Is following one of those rows’ links a “query”?

  1. Suppose you use traditional identifier, i.e., a unique number or string or datestamp. Then you must call query() to find the matching row.
  2. Suppose you use a Link column instead. Then following the link still requires a database access, under the covers, to fetch the row.

Option 2 is probably much faster than Option 1. But conceptually, does it count as a “query”? Opinions vary.

On the Client, fetching a row requires a round-trip call to the Server. So there’s communication lag on every fetch. To reduce this overhead, you can write a Server routine that fetches (and returns) all the required rows at once.

Ok ! If I understood you, if I do something like result = app_tables.Table3.search(), I will retrieve every row of Table3 and everytime I do result.link, I am actually doing a full roundtrip ? Thus if I have n rows in Table3, I will execute 2n + 1 roundtrip ?

Thanks for the correction: I should have written search instead of query.

It’s closer to 2 + n:

  1. One to fetch the “source” row.
  2. One to fetch just the matching rows from Table_3. (Something like matching_rows = app_tables.table_3.search(source = source_row) )
  3. One to fetch each of the target rows.
for match in matching_rows:
    target_row = match['target']
    # do stuff with target_row

Ok!

And If I wanted to do everything in a single search? Should I collect all the links which I think are the ids and search them in a separate query ?

I don’t know if we can actually put a list as an argument of the search method !
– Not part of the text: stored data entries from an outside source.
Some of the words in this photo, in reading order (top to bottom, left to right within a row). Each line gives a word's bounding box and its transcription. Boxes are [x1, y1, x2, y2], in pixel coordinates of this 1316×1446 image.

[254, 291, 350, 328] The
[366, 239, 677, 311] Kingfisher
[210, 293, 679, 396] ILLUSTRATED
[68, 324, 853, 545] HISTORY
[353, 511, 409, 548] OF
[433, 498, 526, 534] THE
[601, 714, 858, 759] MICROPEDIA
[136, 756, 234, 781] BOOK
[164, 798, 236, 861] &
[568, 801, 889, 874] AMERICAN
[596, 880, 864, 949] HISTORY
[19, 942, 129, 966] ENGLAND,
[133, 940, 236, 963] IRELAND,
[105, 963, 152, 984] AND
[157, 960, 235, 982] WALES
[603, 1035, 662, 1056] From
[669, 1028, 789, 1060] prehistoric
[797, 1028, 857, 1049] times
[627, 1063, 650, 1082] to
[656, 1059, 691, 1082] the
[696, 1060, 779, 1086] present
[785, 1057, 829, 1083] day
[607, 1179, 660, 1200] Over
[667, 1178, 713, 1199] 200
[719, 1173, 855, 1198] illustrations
This is the point where it becomes worthwhile to skim/search the docs and tutorials for things like Storing Data in Data Tables.

It would not be worthwhile for me to repeat all that! And you’re sure to find examples, with answers to other, related questions you might have.

If you’re going to go over Table 3, and cover all of its linked rows, then you might want to consider order_by, to group the results by source (or target) row.

I would further suggest doing as much work (collection and ordering of results) as possible in a Server function. That function will have faster access to your tables than anything on the Client. It can get more work done in less time.

To your Client code, your Server function would have the effect of a more complex search, no matter how you decided to write the Server function.

Thanks for all these insights !

I’ll go search deeper into the docs and tutorials for the remainder but now it’s clearer in my mind how anvil actually process queries and how to access data smartly!